- MATERIAL FOR THIS TASK -
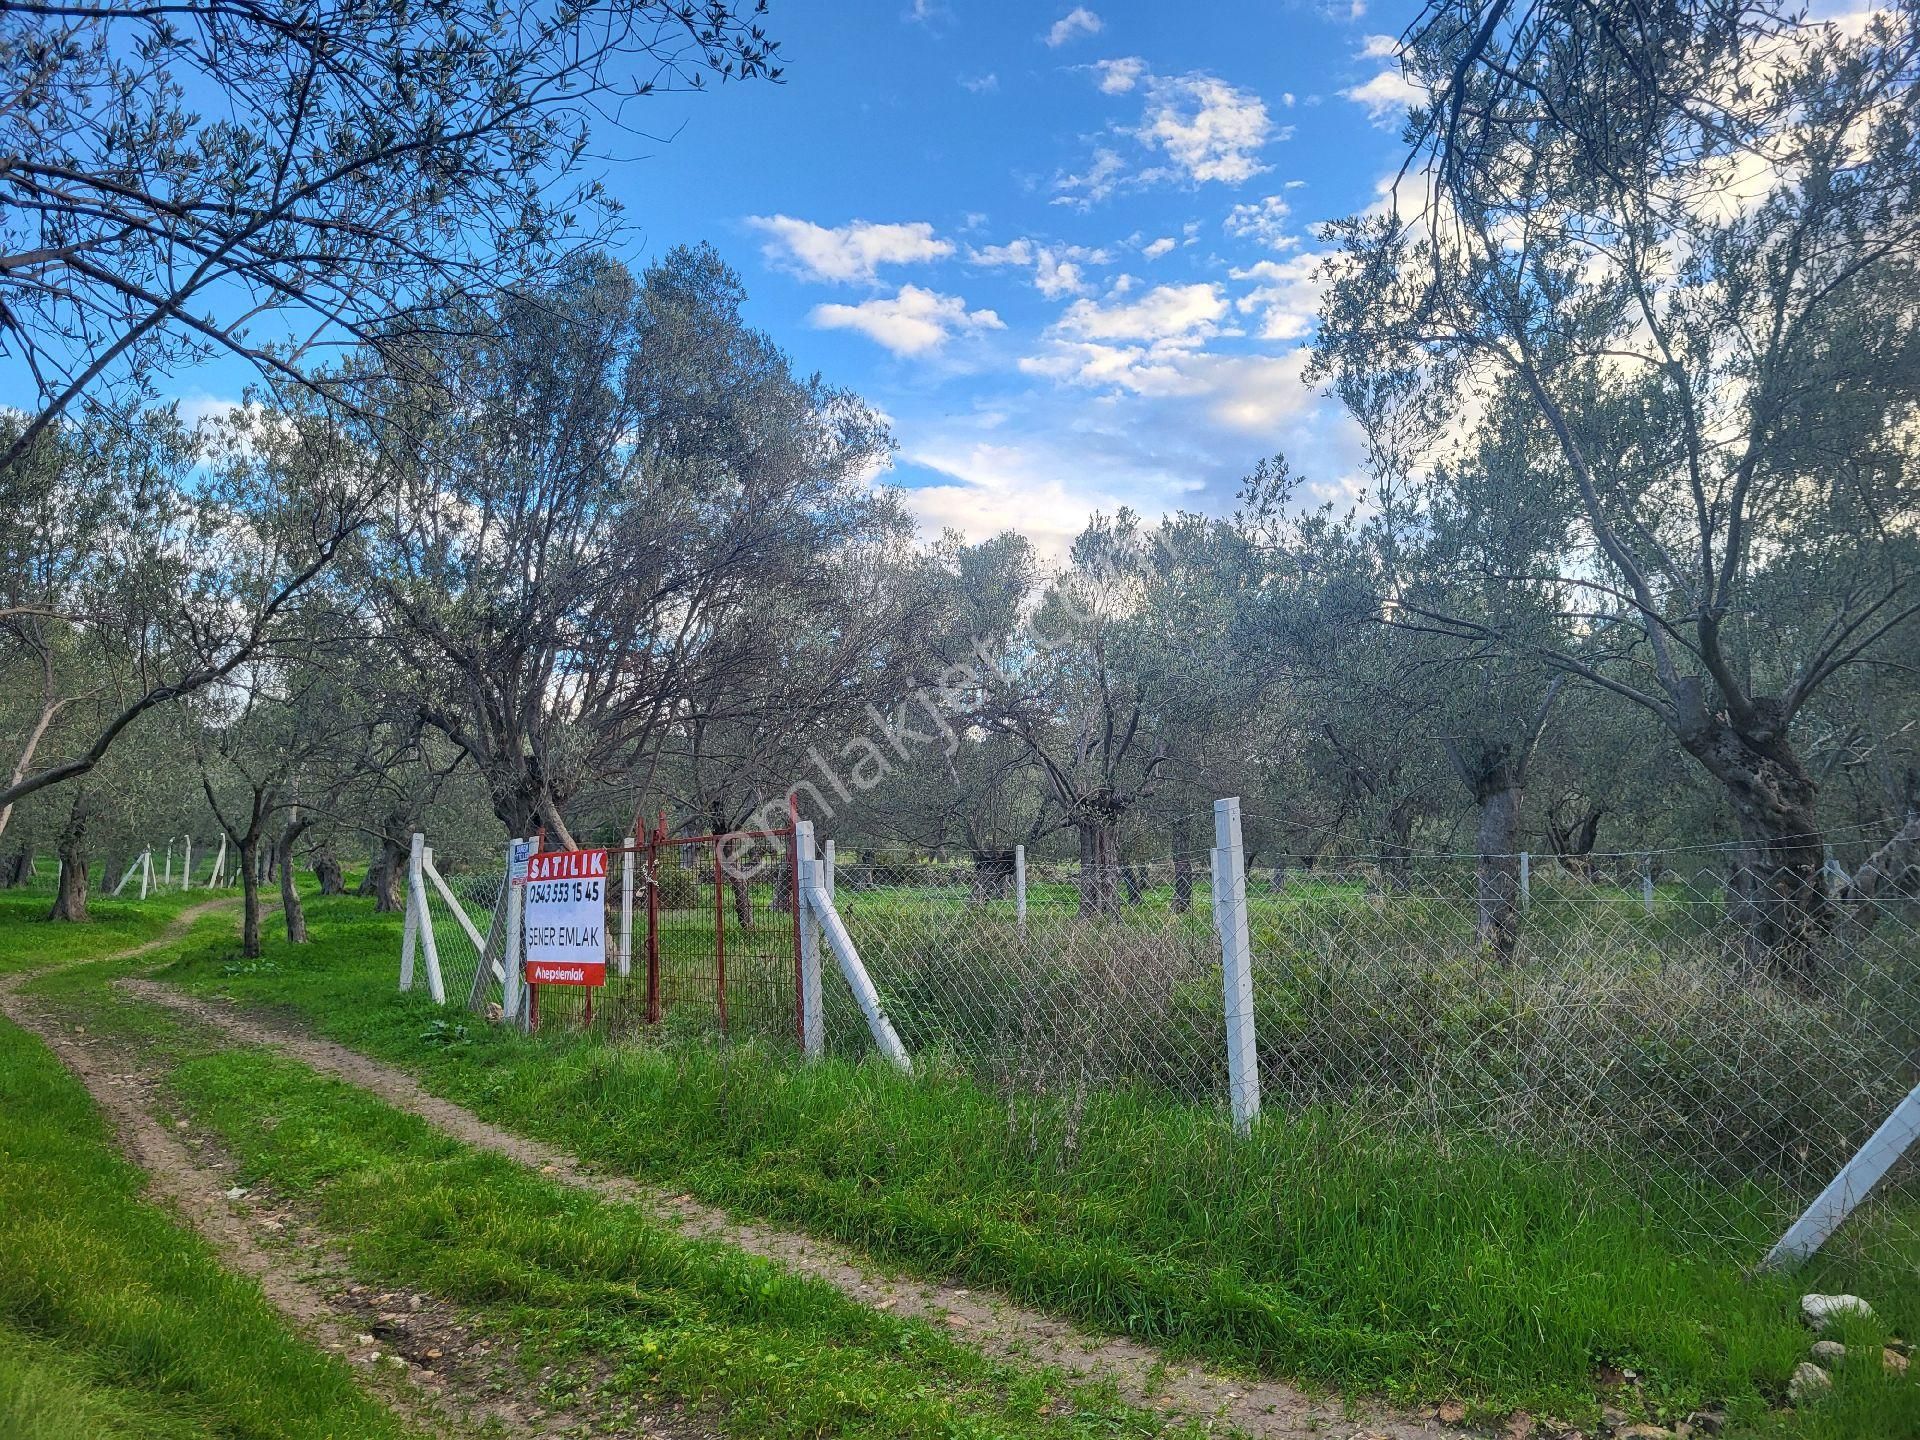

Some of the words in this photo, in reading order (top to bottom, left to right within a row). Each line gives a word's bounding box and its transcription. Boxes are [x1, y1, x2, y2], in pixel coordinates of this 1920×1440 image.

[530, 853, 603, 878] SATILIK
[572, 881, 582, 902] 15
[585, 881, 599, 901] 45
[529, 927, 555, 949] ŞENER
[559, 926, 599, 947] EMLAK
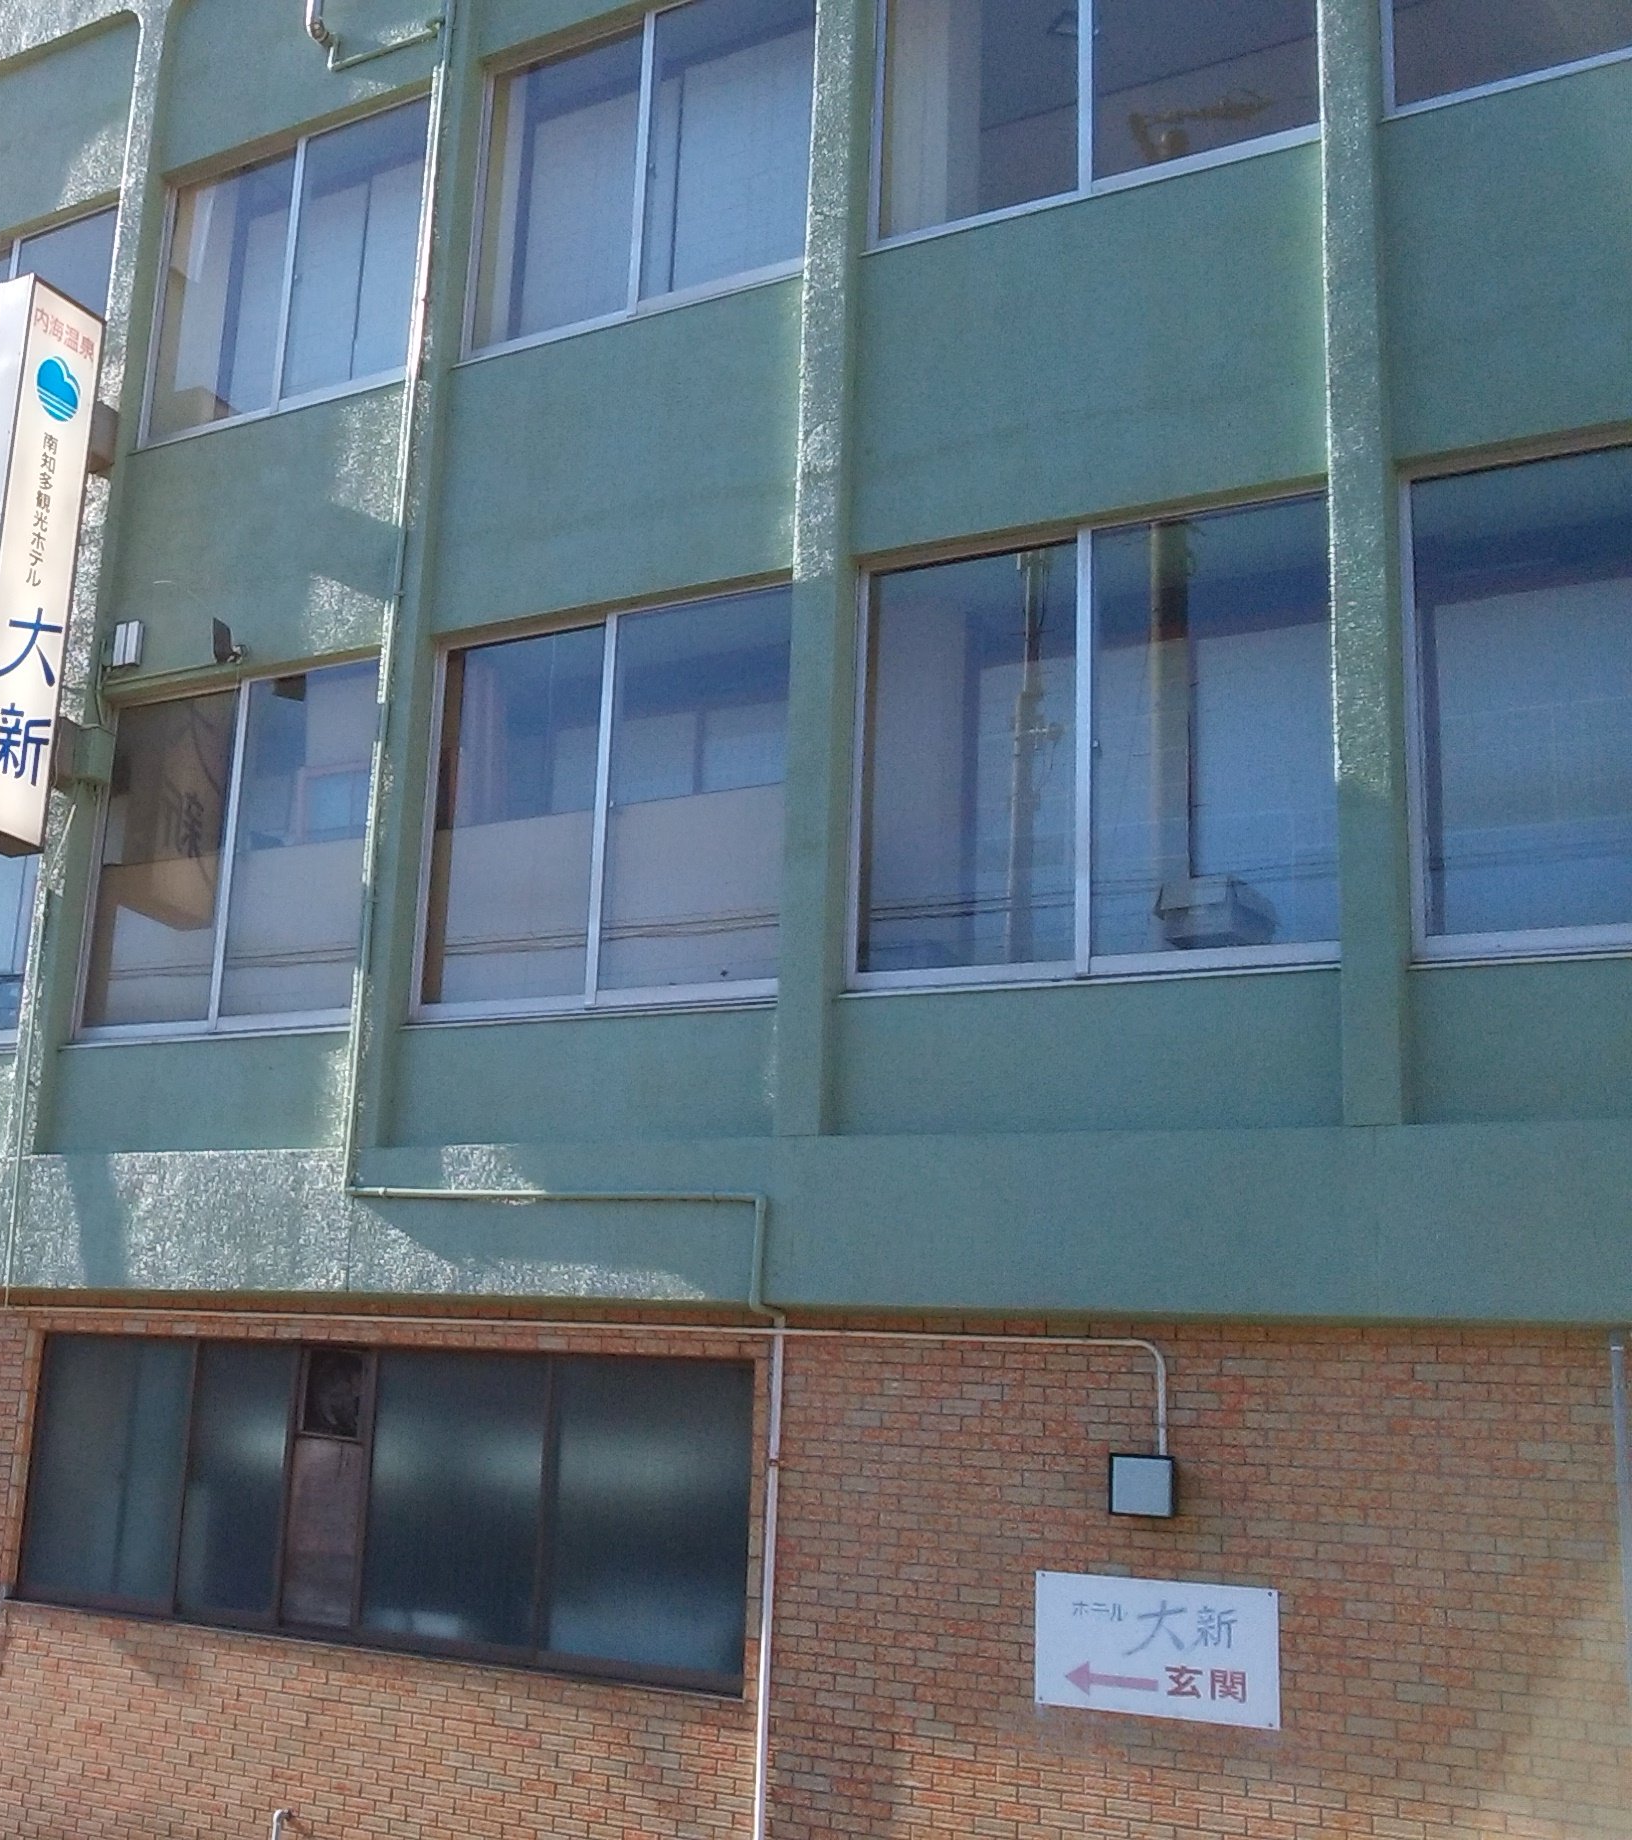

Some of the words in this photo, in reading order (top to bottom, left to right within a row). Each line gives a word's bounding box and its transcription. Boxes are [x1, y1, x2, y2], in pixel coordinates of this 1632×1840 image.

- WHAT IS REQUIRED -
Please give the records again word for word, omitting all images.

- TASK OUTPUT -
Some of the words in this photo, in reading order (top to bottom, left to right within a row). Each line gives a word's bounding box and its transcription. Boxes are [x1, y1, x2, y2], in pixel coordinates of this 1920×1440 image.

[530, 853, 603, 878] SATILIK
[572, 881, 582, 902] 15
[585, 881, 599, 901] 45
[529, 927, 555, 949] ŞENER
[559, 926, 599, 947] EMLAK

Some of the words in this photo, in reading order (top to bottom, left to right within a row). Each line gives a word's bounding box and its transcription. Boxes are [x1, y1, x2, y2], in pixel coordinates of this 1632×1840 image.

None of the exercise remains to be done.